The results provide good indication that a low cost IMU can be useful for spoofing detection during critical phases of flight. It demonstrated unique random vertical accelerations experienced on aircraft approach. Furthermore, it found that a good comparison between GNSS and IMU derived acceleration on approach and cruise can be made. Other segments of flight may be used provided we can derive a reasonable attitude estimate without inadvertently allowing a GNSS spoofer to contaminate our IMU results. Approaches having more high frequency and high amplitude accelerations result in better detection. The acceleration differences were used as the basis for a simple and multi-condition executive monitor for spoofing. These EMs demonstrated their spoof detection capabilities and their ability to limit false alerts using collected flight test data. Preliminary results show that monitoring can be designed to detect spoofing on all four approaches tested. Time to first detect depends on both the monitor design and aircraft dynamics. Fast detection (< 10 seconds) can be achieved especially if there are high amplitude and frequency accelerations. Many more flights will be needed to validate the performance results.

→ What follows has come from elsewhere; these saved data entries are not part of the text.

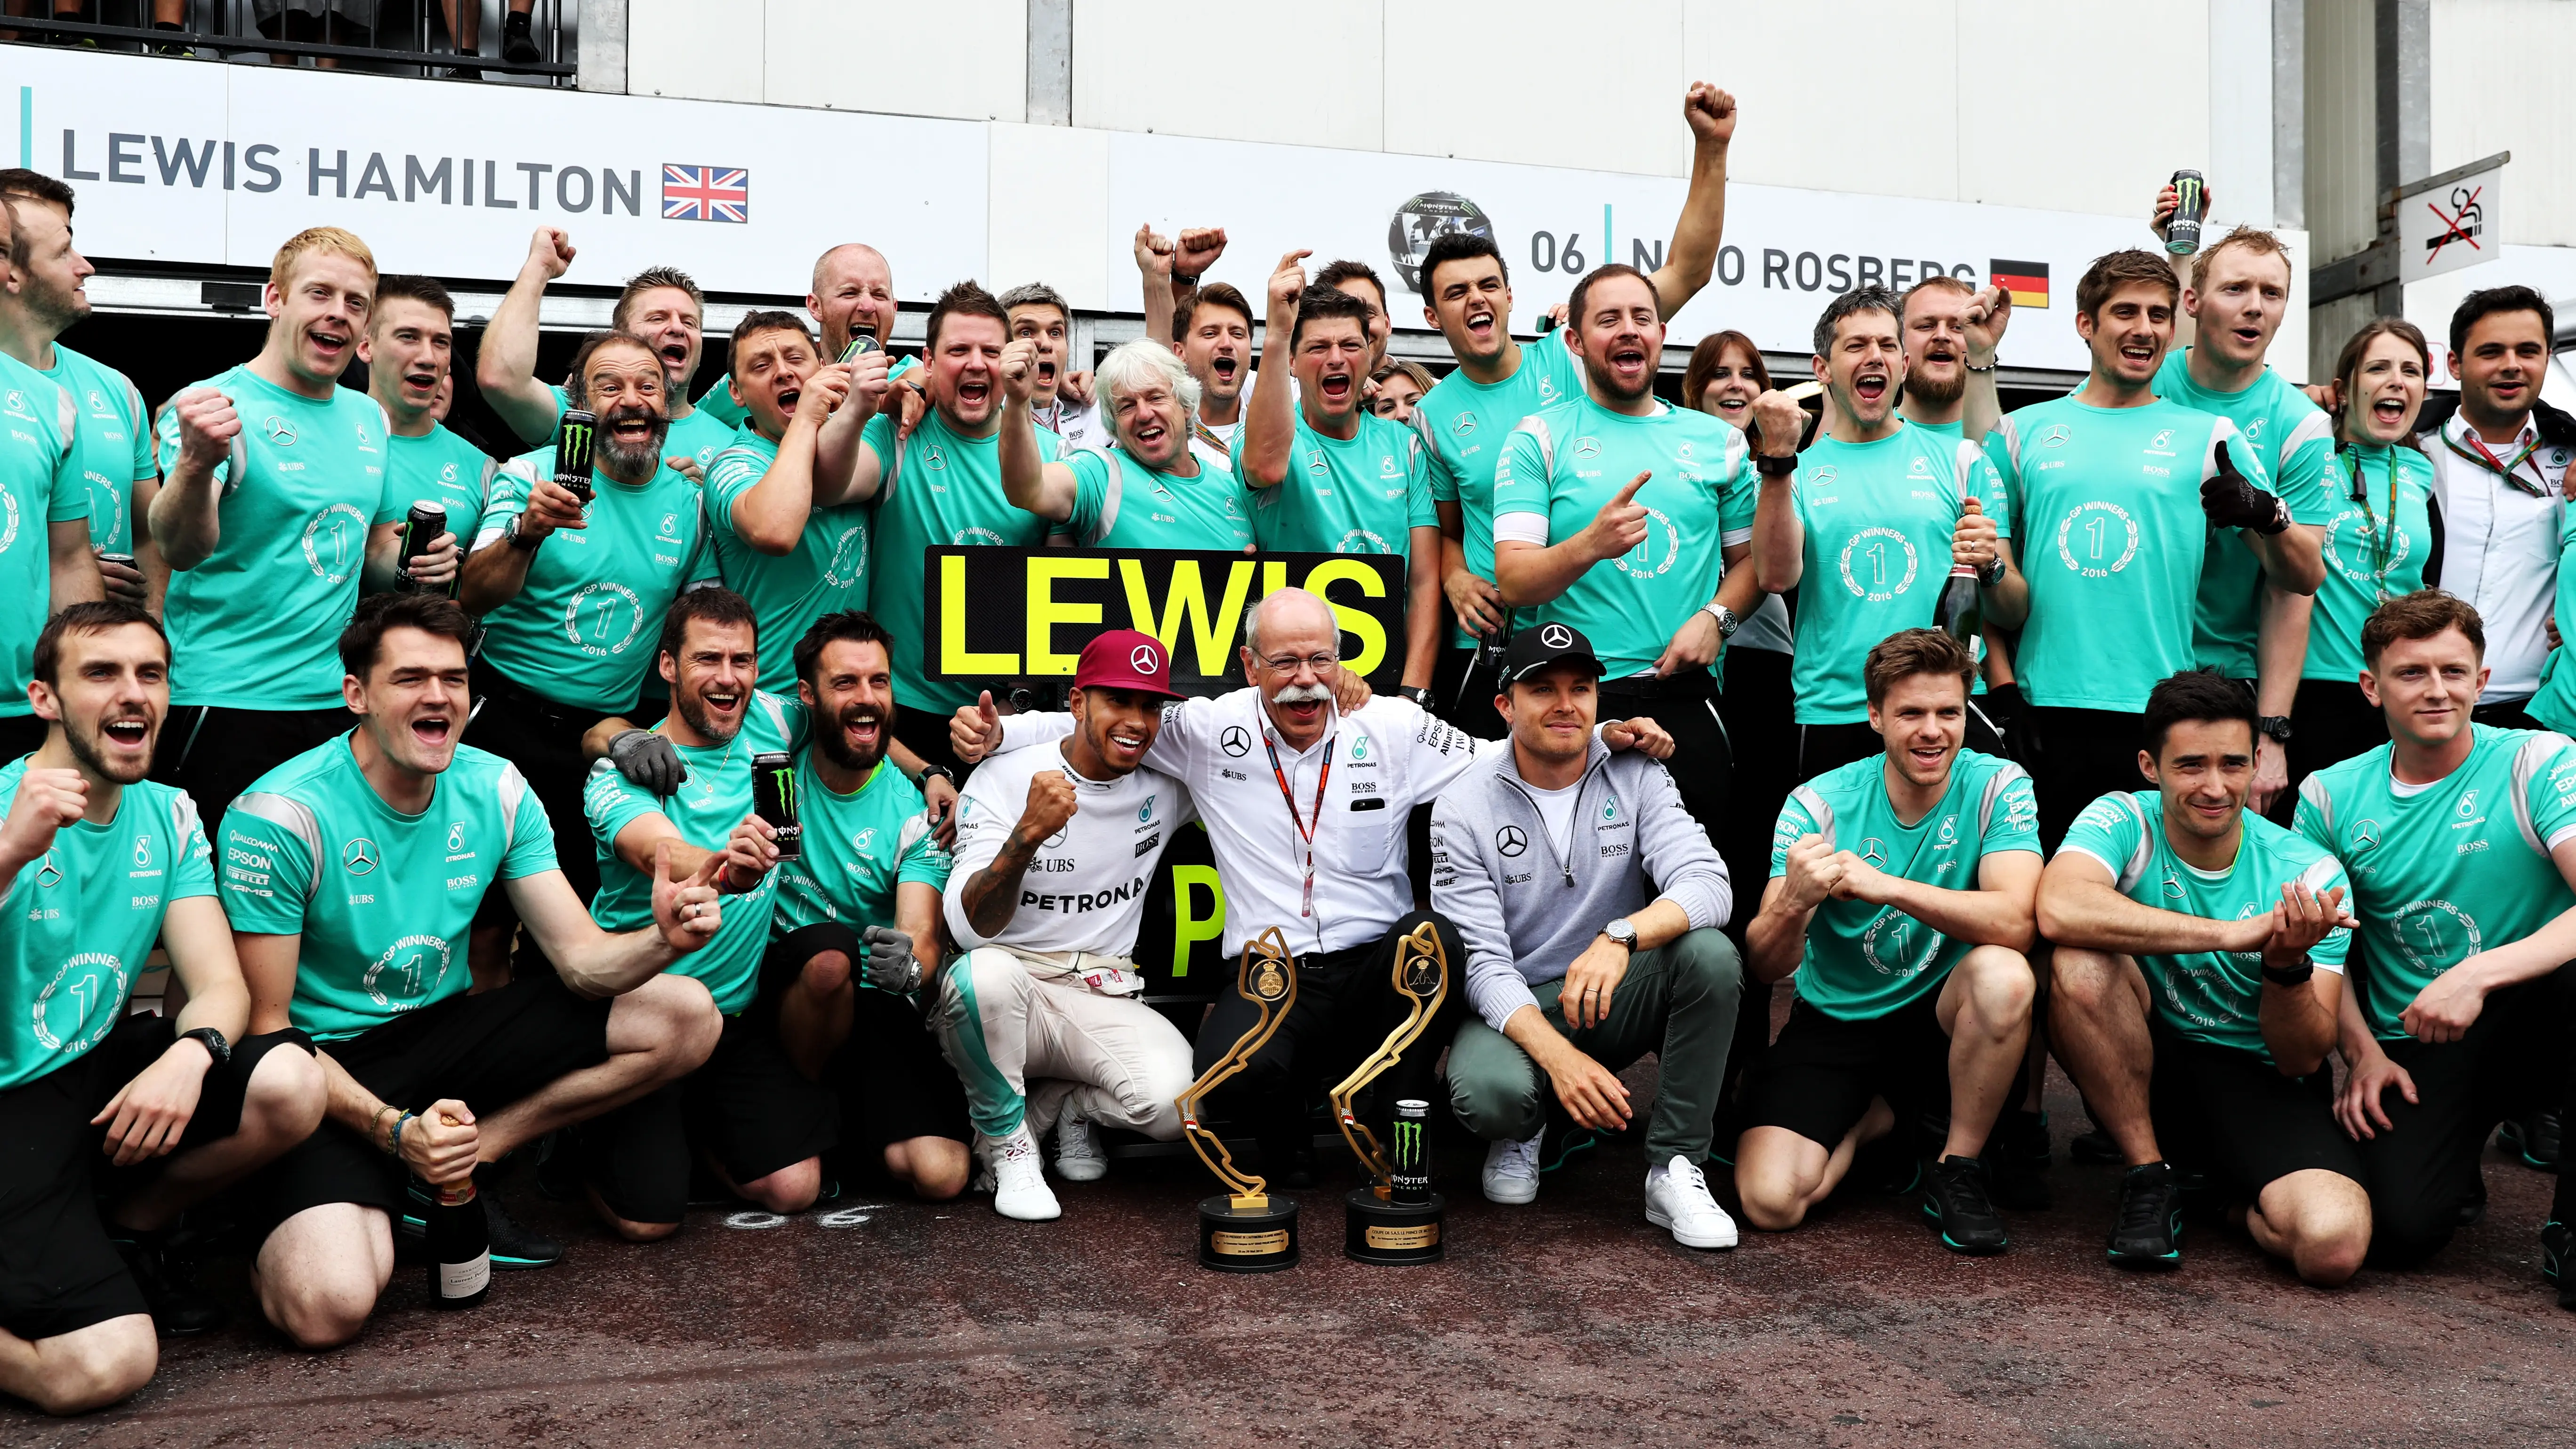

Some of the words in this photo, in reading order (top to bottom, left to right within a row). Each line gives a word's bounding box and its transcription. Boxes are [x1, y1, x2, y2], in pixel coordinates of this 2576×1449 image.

[63, 129, 282, 193] LEWIS
[308, 148, 641, 216] HAMILTON
[1531, 230, 1586, 274] 06
[1633, 238, 1745, 286] NO
[4, 410, 38, 423] PETRONAS
[11, 429, 37, 443] BOSS
[104, 431, 124, 440] BOSS
[1069, 428, 1084, 438] BOSS
[1467, 444, 1481, 454] UBS
[2143, 449, 2177, 457] PETRONAS
[288, 462, 305, 471] UBS
[2049, 460, 2065, 469] UBS
[2142, 465, 2171, 476] BOSS
[1678, 471, 1703, 480] BOSS
[437, 481, 466, 491] PETRONAS
[931, 484, 946, 493] UBS
[1911, 490, 1936, 498] BOSS
[442, 497, 466, 509] BOSS
[1821, 496, 1838, 505] UBS
[317, 509, 328, 522] GP
[330, 503, 365, 523] WINNERS
[2069, 506, 2082, 519] GP
[2085, 500, 2130, 521] WINNERS
[1160, 514, 1175, 523] UBS
[569, 534, 587, 545] UBS
[655, 535, 683, 545] PETRONAS
[1850, 532, 1861, 547] GP
[1861, 527, 1906, 544] WINNERS
[2085, 516, 2105, 560] 1
[655, 554, 678, 565] BOSS
[1866, 542, 1885, 585] 1
[1631, 569, 1654, 580] 2016
[2081, 567, 2108, 578] 2016
[2344, 568, 2370, 581] 2016
[840, 576, 855, 589] 2016
[584, 583, 598, 595] GP
[599, 582, 639, 606] WINNERS
[1867, 591, 1892, 602] 2016
[595, 598, 616, 640] 1
[941, 555, 1386, 677] LEWS
[581, 644, 607, 657] 2016
[1232, 771, 1247, 781] UBS
[1352, 781, 1377, 790] BOSS
[1135, 819, 1161, 835] PETRONAS
[1598, 821, 1630, 831] PETRONAS
[1136, 833, 1159, 854] BOSS
[1601, 843, 1628, 855] BOSS
[2457, 838, 2489, 853] BOSS
[227, 847, 272, 870] EPSON
[445, 852, 475, 862] ETRONAS
[847, 862, 871, 876] BOSS
[1046, 858, 1075, 872] UBS
[2359, 865, 2376, 874] UBS
[129, 869, 162, 878] PETRONAS
[226, 864, 270, 886] PIRELLI
[1515, 872, 1532, 882] UBS
[446, 874, 477, 888] BOSS
[1434, 877, 1458, 886] BOSE
[230, 884, 274, 898] AMG
[792, 874, 830, 904] WINNERS
[132, 895, 159, 907] BOSS
[354, 894, 375, 904] UBS
[745, 889, 765, 902] 2016
[44, 909, 59, 919] UBS
[2394, 906, 2406, 920] GP
[2406, 899, 2458, 916] WINNERS
[1873, 918, 1886, 930] GP
[383, 945, 396, 962] GP
[395, 934, 447, 951] WINNERS
[56, 964, 68, 981] GP
[401, 953, 422, 995] 1
[2188, 1013, 2216, 1027] 2016
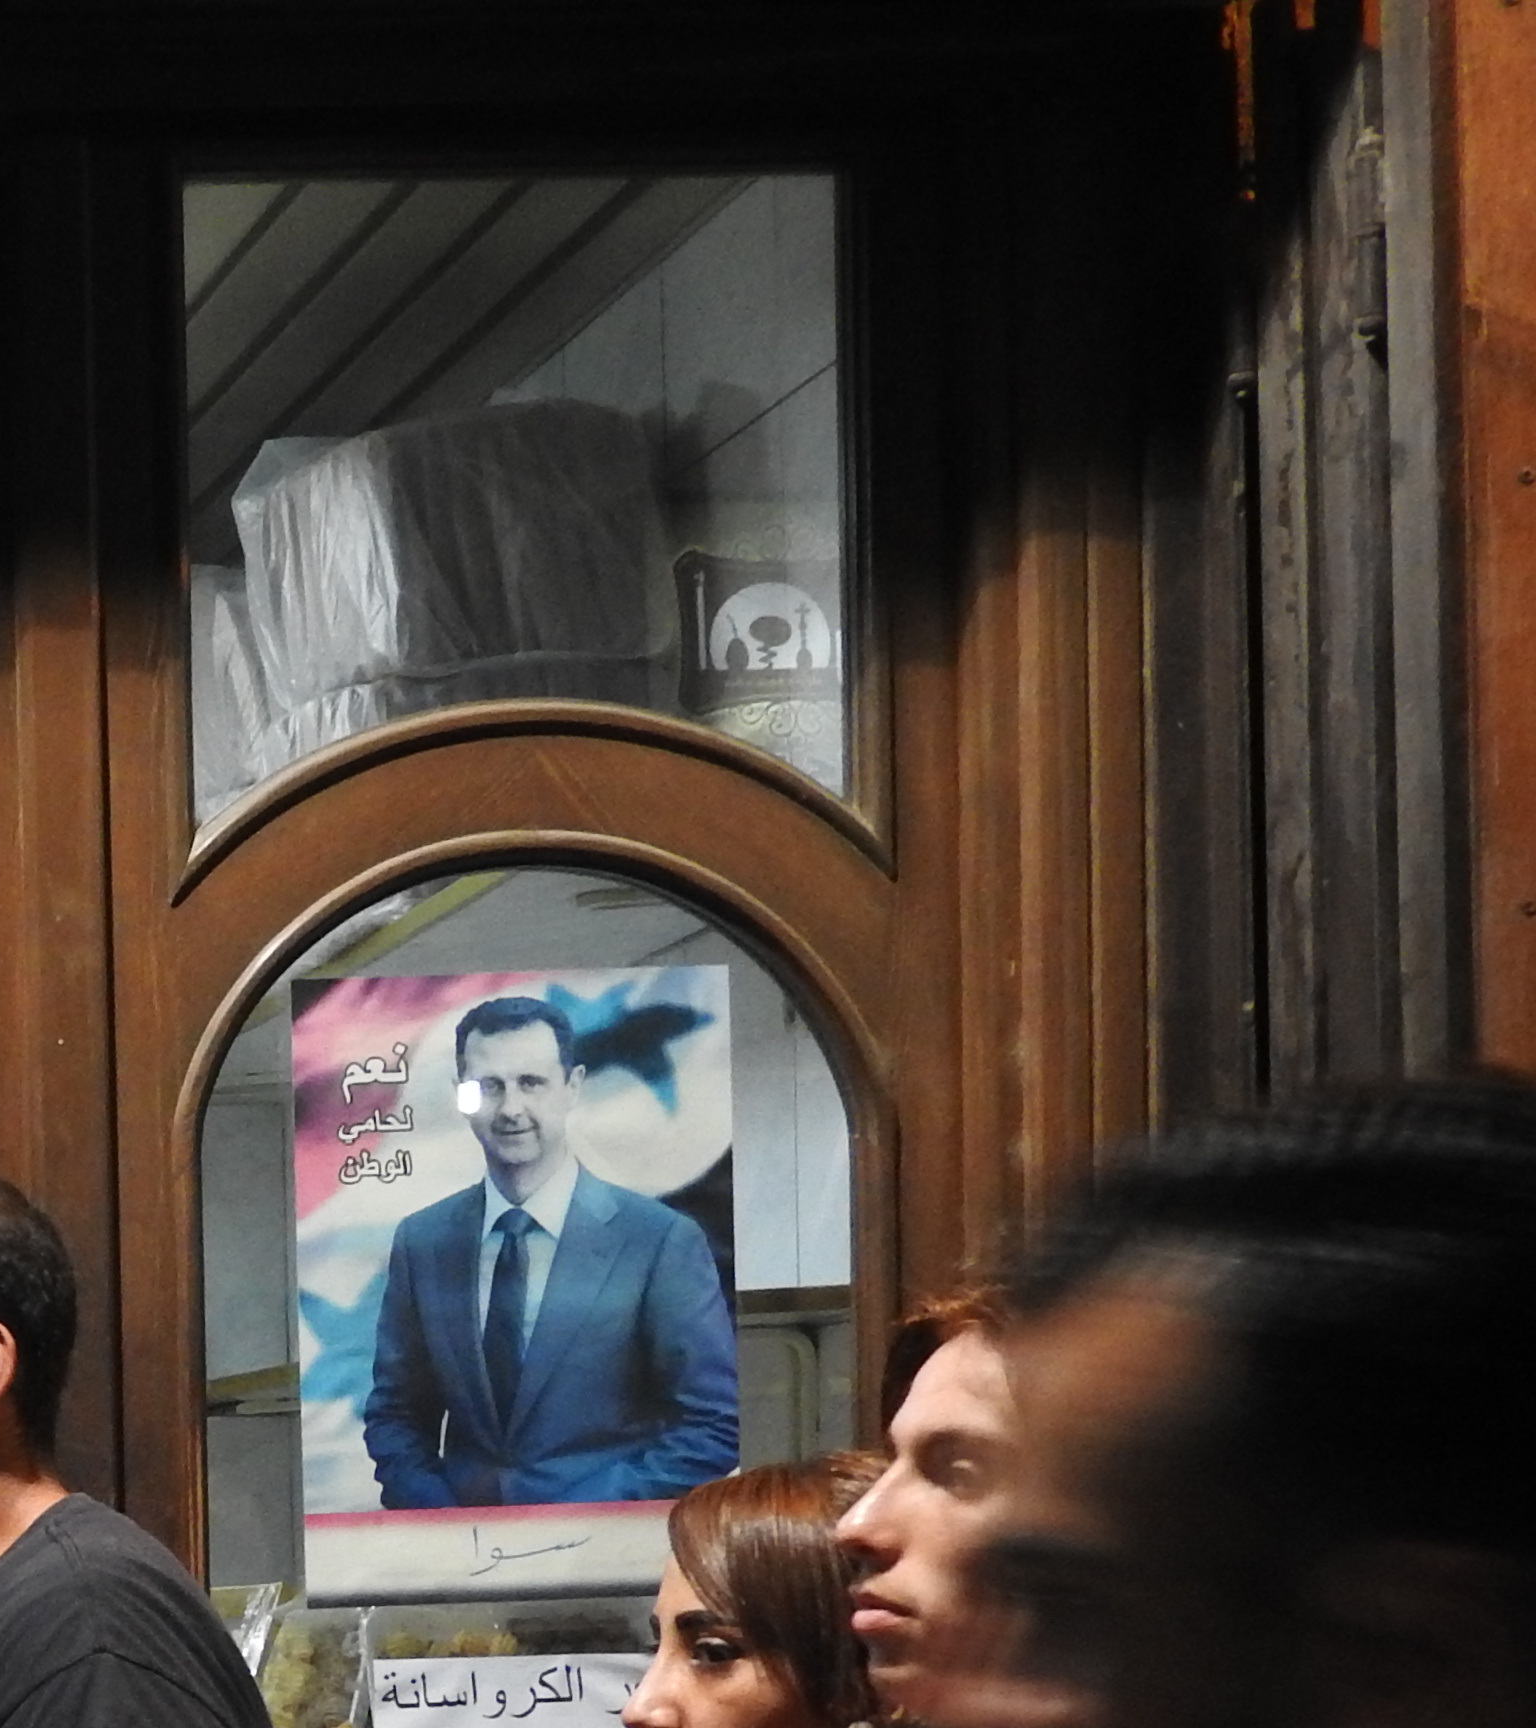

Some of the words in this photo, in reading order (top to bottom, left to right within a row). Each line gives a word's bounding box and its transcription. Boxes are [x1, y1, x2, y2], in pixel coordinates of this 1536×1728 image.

[341, 1040, 409, 1104] نعم
[337, 1105, 414, 1145] لحامي
[338, 1150, 414, 1185] الوطن

The analysis conducted provides only a preliminary feasibility demonstration and there is still much to be done. One area for future work is fault-tolerant design. The detection architecture needs to determine when it is suitable for use – i.e., when the attitude assumptions are valid. While the analysis conducted leverages some special characteristics of flight, other test measurements conducted have shown that this technique may be suitable for other transportation such as railways and automobiles. Both automobile and rail have additional characteristics that can be leveraged.
The authors thank FAA Navigation Programs and the Stanford Center for Position Navigation and Time (SCPNT) for supporting this work. We also thank the FAA Technical Center and Stuart Riley of Trimble Navigation for their help.
The views expressed herein are those of the authors and are not to be construed as official or reflecting the views of the Federal Aviation Administration or Department of Transportation.